You should attach documents that support your claim (such as medical records showing your worsened condition) to your request. A hearing may also be scheduled to determine your eligibility for benefits.

Timeframe to Reopen a Workers' Comp Case

You must file your request within a certain period of time, as set by state law. The deadlines vary considerably from state to state. For instance:

  • In Mississippi, you must file the request within one year after the last payment or after your claim was rejected (Miss. Code § 71-3-53 (2024)).
  • In New Jersey, any time within two years after the last payment, a court may review and change an award or an order approving a settlement (N.J. Stats. Ann. § 34:15-27 (2024)).
  • New York allows applications for additional benefits any time within 18 years after the injury and eight years after the last benefits payments. However, your request will have to be on a special form if it's more than seven years after the injury and three years after the last payment, because the additional benefits will come from a special state fund. (N.Y. Workers' Comp. Law § 25-a (2024)).
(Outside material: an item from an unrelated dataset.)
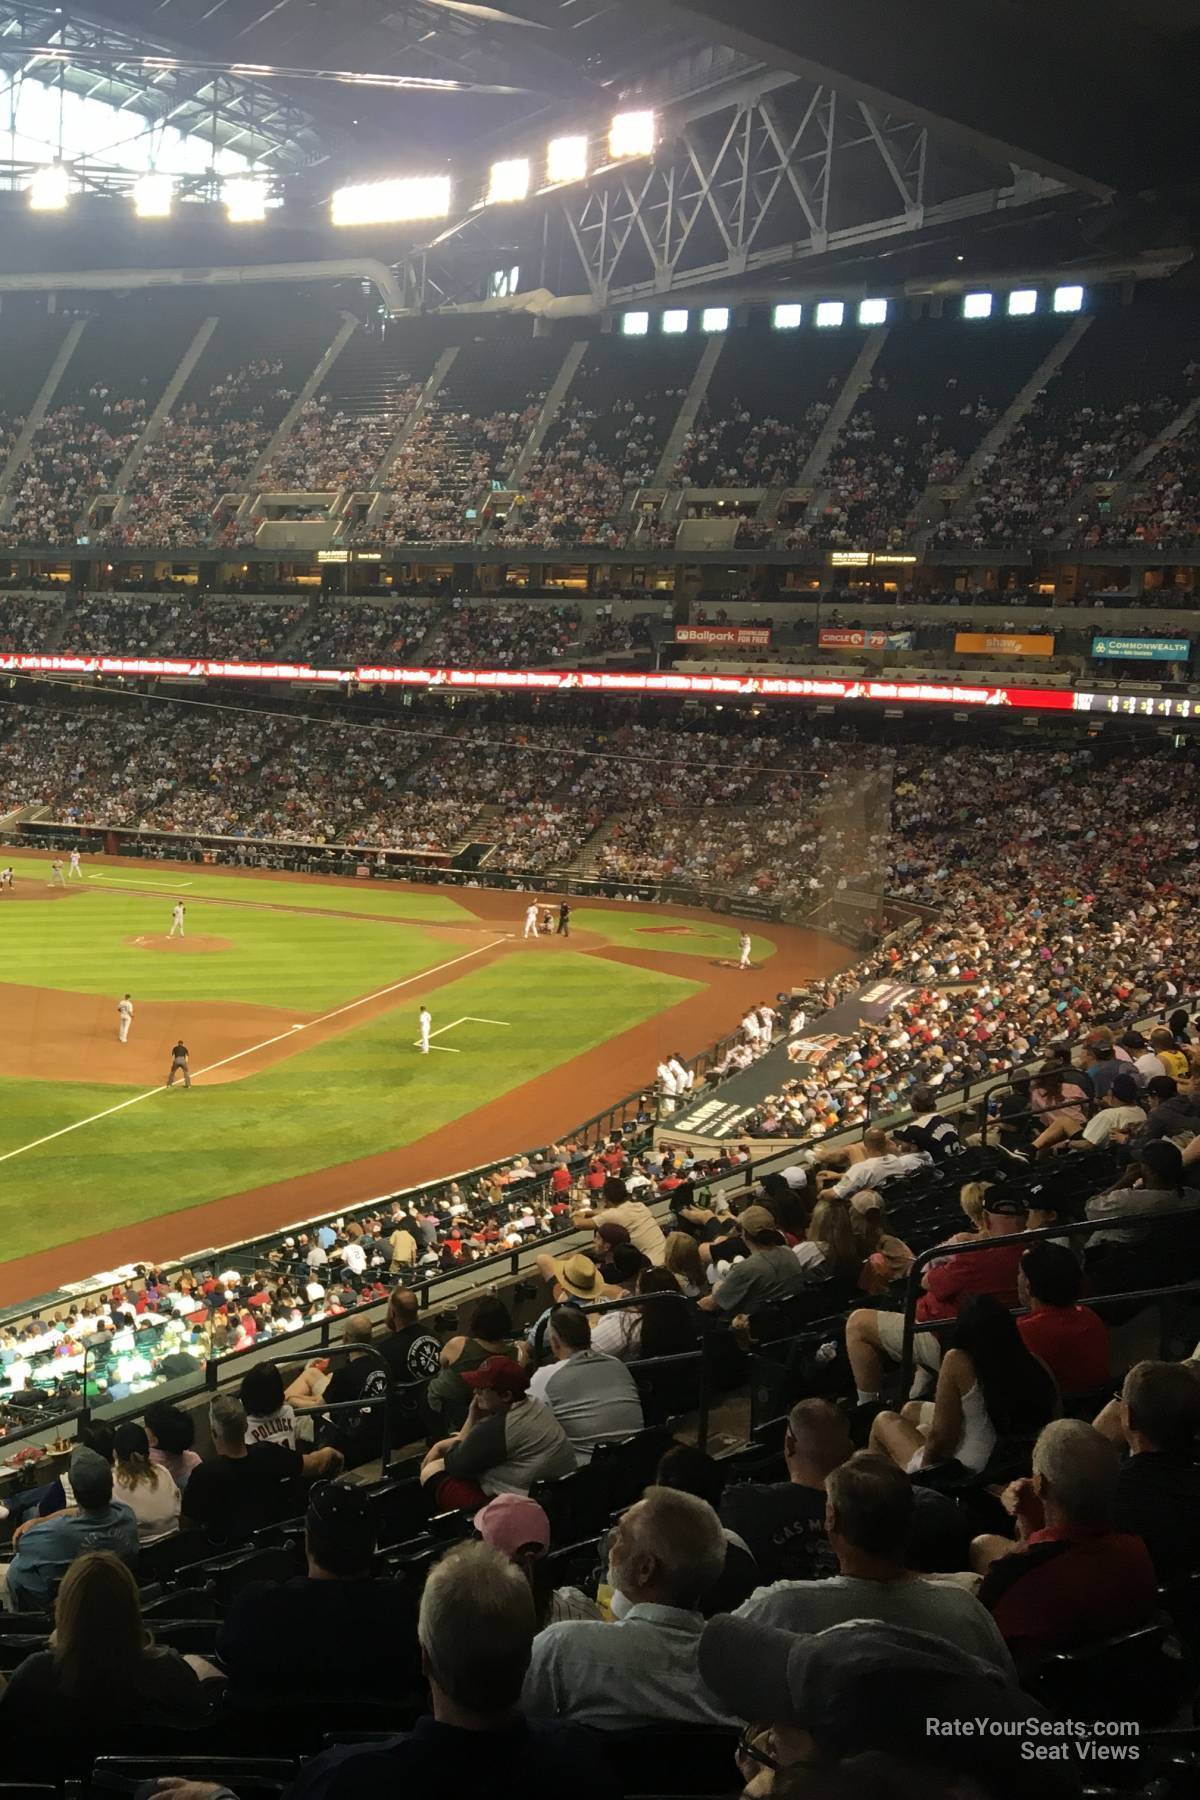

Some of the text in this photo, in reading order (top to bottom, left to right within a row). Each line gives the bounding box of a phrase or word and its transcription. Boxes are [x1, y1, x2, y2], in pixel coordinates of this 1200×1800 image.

Filing a New Workers' Comp Claim for Aggravation of an Old Injury

Even when you can't reopen your workers' comp case, you may be able to file a new claim if your old injury was aggravated or "lit up" by a work activity, whether at the same job or for a different employer.

For instance, say you settled a workers' comp claim for a back injury related to a workplace accident; then, years later, the pain started up again or escalated after you lifted a heavy box at work.

In this situation, the aggravation or worsening of your medical condition would be considered a new injury. In order to be eligible for benefits, you must follow the rules in your state for reporting the new injury and filing a workers' comp claim.

Should I Hire an Attorney to Reopen a Closed Workers' Compensation Case?

The rules for reopening a workers' comp claim can be complex, difficult to understand, and different from state to state. If your medical condition has unexpectedly deteriorated after a judge ruled on your claim, or even after you signed a settlement agreement, you should consider speaking to a local workers' comp lawyer.

An attorney who's experienced in this field can explain how your state's laws apply to your situation. If you had a lawyer's help with your original case, that's a good place to start.